If you do enough web scraping, you’ll eventually hit a wall that the trusty httr
verbs (that sit beneath rvest
) cannot really overcome: dynamically created content (via javascript) on a site. If the site was nice enough to use XHR requests to load the dynamic content, you can generally still stick with httr
verbs — if you can figure out what those requests are — and code-up the right parameters (browser “Developer Tools” menus/views and my curlconverter
package are super handy for this). Unfortunately, some sites require actual in-page rendering and that’s when scraping turns into a modest chore.
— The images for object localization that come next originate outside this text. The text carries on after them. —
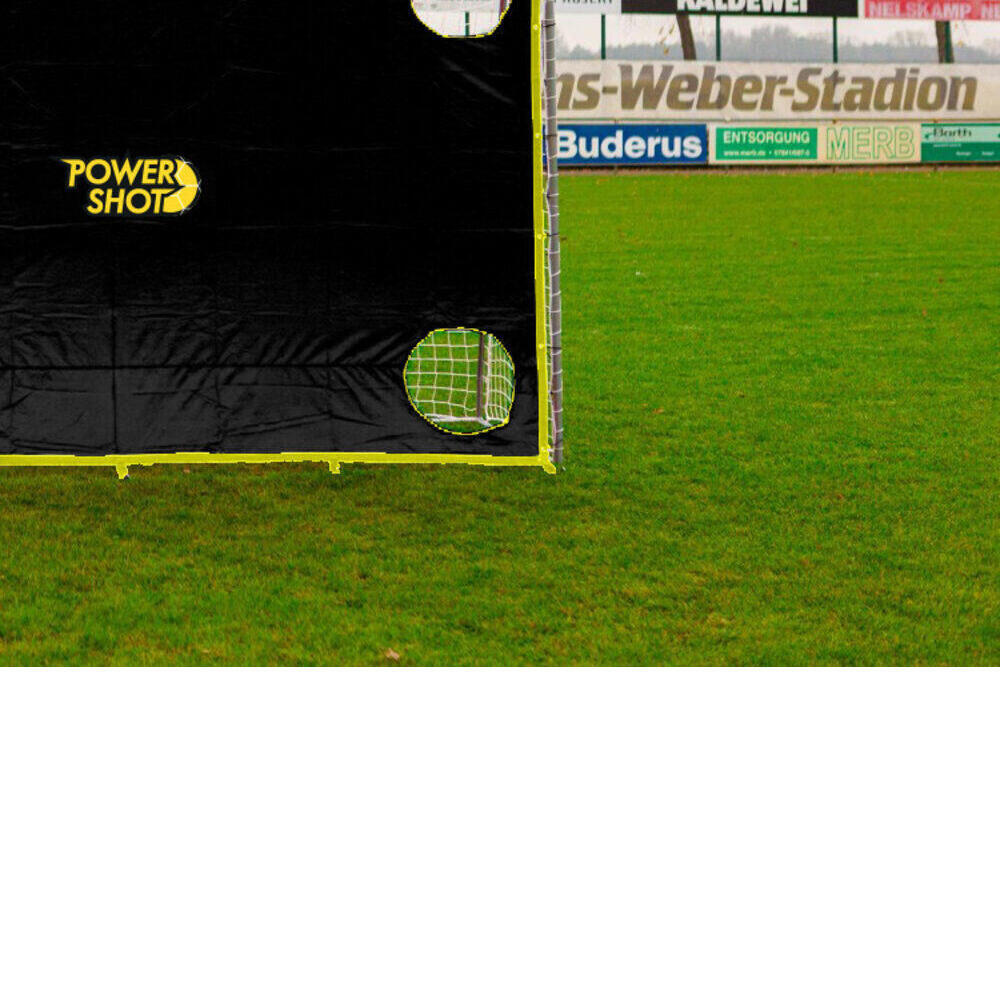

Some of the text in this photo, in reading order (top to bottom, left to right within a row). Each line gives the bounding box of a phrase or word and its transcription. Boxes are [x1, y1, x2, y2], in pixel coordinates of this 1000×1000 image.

[868, 0, 973, 18] NELSKAMP
[557, 129, 703, 159] Buderus
[723, 130, 810, 144] ENTSORGUNG
[825, 125, 916, 161] MERB
[60, 157, 176, 188] POWER
[86, 187, 176, 215] SHOT
For dynamic sites, the RSelenium
and/or seleniumPipes
packages are super-handy tools to have in the toolbox. They interface with Selenium which is a feature-rich environment/ecosystem for automating browser tasks. You can programmatically click buttons, press keys, follow links and extract page content because you’re scripting actions in an actual browser or a browser-like tool such as phantomjs
. Getting the server component of Selenium running was often a source of pain for R folks, but the new docker images make it much easier to get started. For truly gnarly scraping tasks, it should be your go-to solution.
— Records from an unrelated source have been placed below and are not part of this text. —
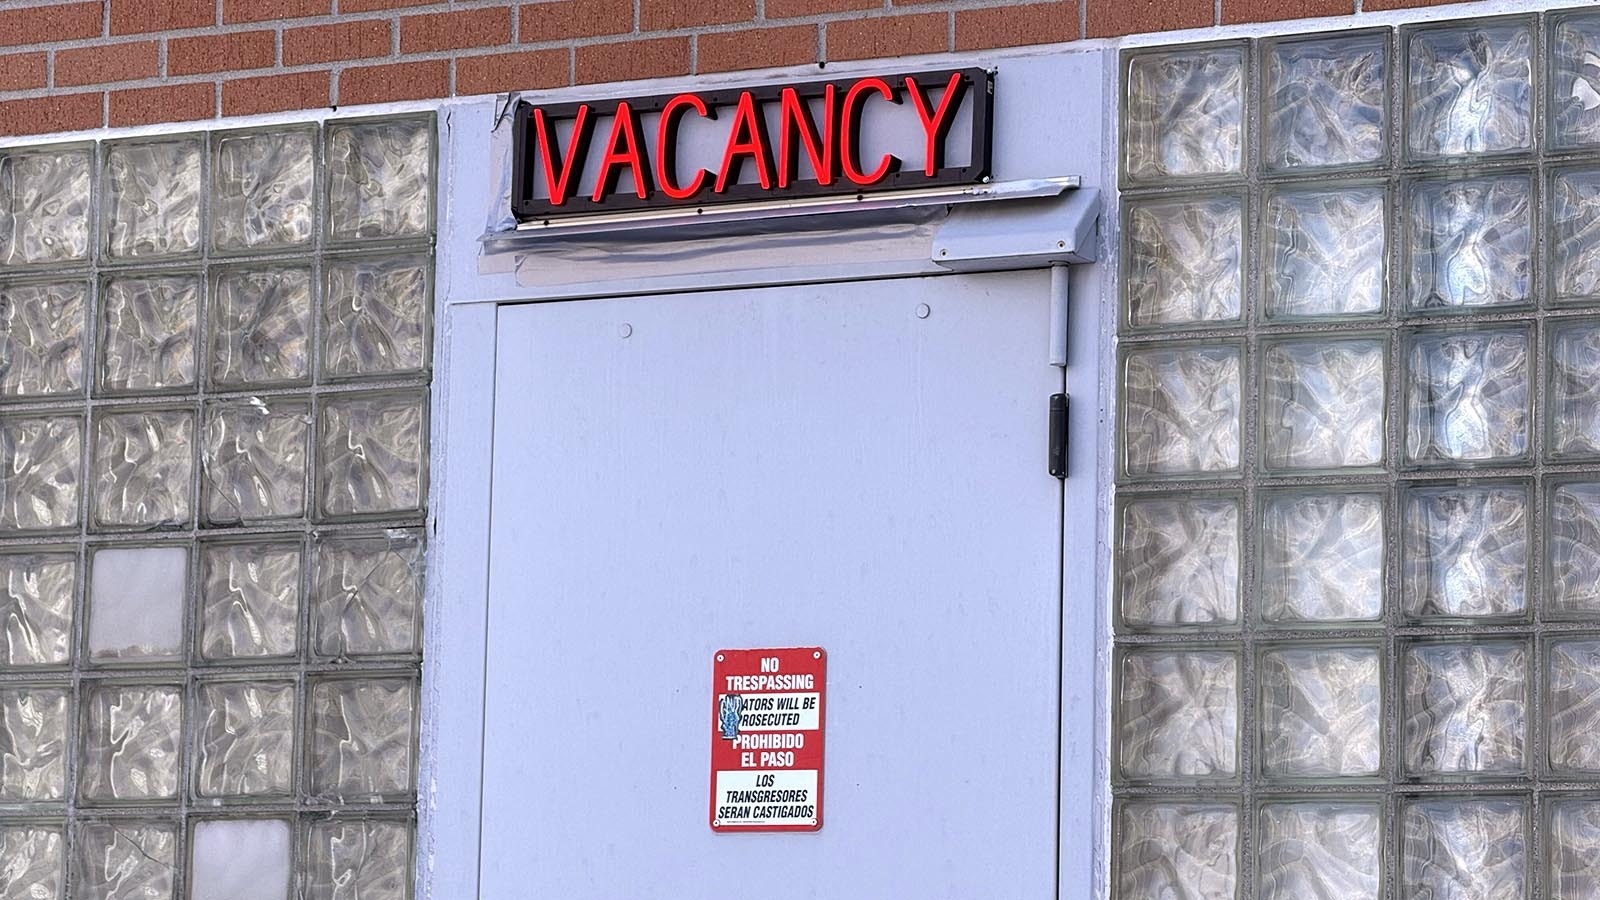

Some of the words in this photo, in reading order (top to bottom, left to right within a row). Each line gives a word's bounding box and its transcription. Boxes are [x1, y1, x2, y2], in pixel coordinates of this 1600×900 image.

[533, 73, 962, 205] VACANCY
[761, 657, 779, 673] NO
[725, 674, 814, 691] TRESPASSING
[720, 698, 774, 711] ATORS
[777, 697, 799, 710] WILL
[802, 697, 816, 710] BE
[740, 713, 800, 727] ROSECUTED
[732, 733, 804, 750] PROHIBIDO
[741, 752, 757, 767] EL
[760, 751, 794, 767] PASO
[756, 774, 775, 787] LOS
[726, 789, 808, 803] TRANSGRESORES
[718, 806, 751, 819] SERAN
[753, 805, 814, 818] CASTIGADOS
However, sometimes all you need is the rendering part and for that, there’s a new light[er]weight alternative dubbed Splash. It’s written in python and uses QT webkit for rendering. To avoid deluging your system with all of the Splash
dependencies you can use the docker images. In fact, I made it dead easy to do so. Read on!
Going for a dip
The intrepid Winston Chang at RStudio started a package to wrap Docker operations and I’ve recently joind in the fun to add some tweaks & enhancements to it that are necessary to get it on CRAN. Why point this out? Since you need to have Splash
running to work with it in splashr
I wanted to make it as easy as possible. So, if you install Docker and then devtools::install_github("wch/harbor")
you can then devtools::install_github("hrbrmstr/splashr")
to get Splash
up and running with:
library(splashr)
install_splash()
splash_svr <- start_splash()
The install_splash()
function will pull the correct image to your local system and you’ll need that splash_svr
object later on to stop the container. Now, you can have Splash
running on any host, but this post assumes you’re running it locally.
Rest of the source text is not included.